** RECORDS FOR PROCESSING follows **

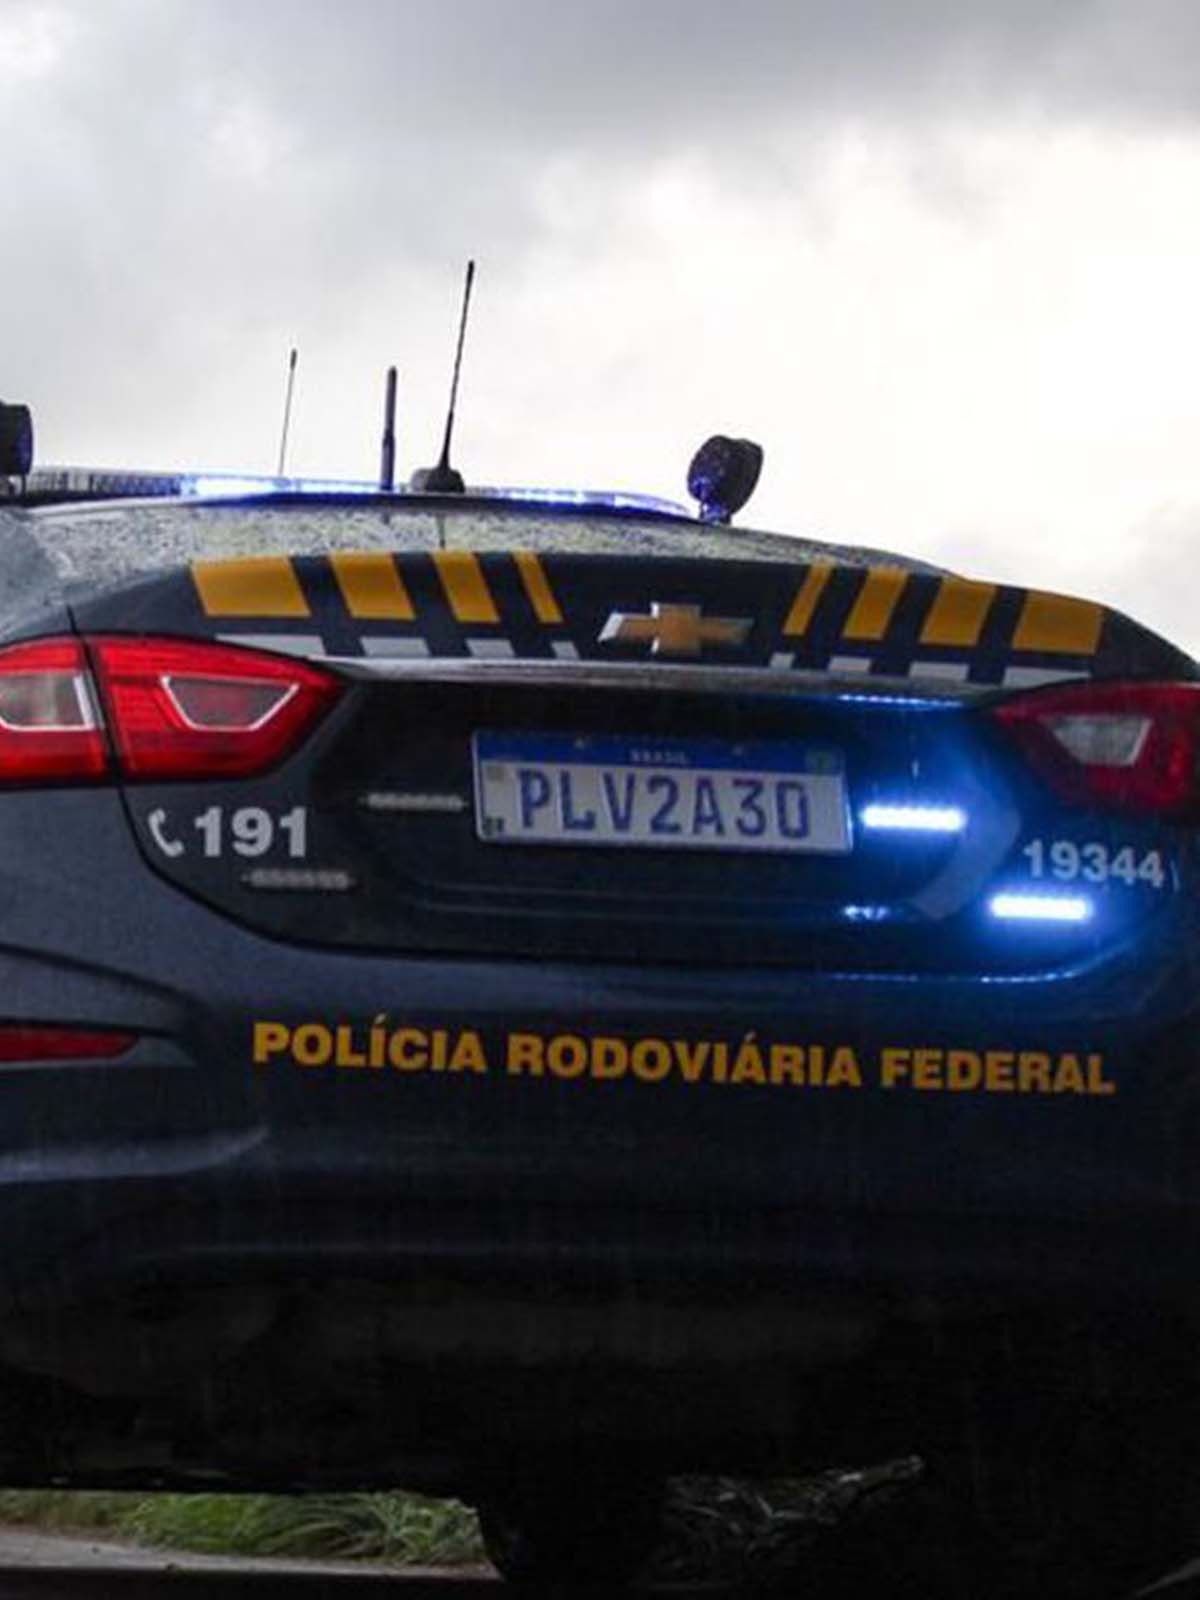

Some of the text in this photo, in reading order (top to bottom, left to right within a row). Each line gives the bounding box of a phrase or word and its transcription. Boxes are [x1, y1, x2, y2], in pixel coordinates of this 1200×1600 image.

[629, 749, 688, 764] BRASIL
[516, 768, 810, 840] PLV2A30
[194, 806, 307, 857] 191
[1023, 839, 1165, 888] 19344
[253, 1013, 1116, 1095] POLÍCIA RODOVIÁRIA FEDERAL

** End of RECORDS FOR PROCESSING **

HOW TO COMPLETE THIS TASK: Copy the records shown above in their entirety and exactly; images are to be left out.

RESPONSE:
Some of the text in this photo, in reading order (top to bottom, left to right within a row). Each line gives the bounding box of a phrase or word and its transcription. Boxes are [x1, y1, x2, y2], in pixel coordinates of this 1200×1600 image.

[629, 749, 688, 764] BRASIL
[516, 768, 810, 840] PLV2A30
[194, 806, 307, 857] 191
[1023, 839, 1165, 888] 19344
[253, 1013, 1116, 1095] POLÍCIA RODOVIÁRIA FEDERAL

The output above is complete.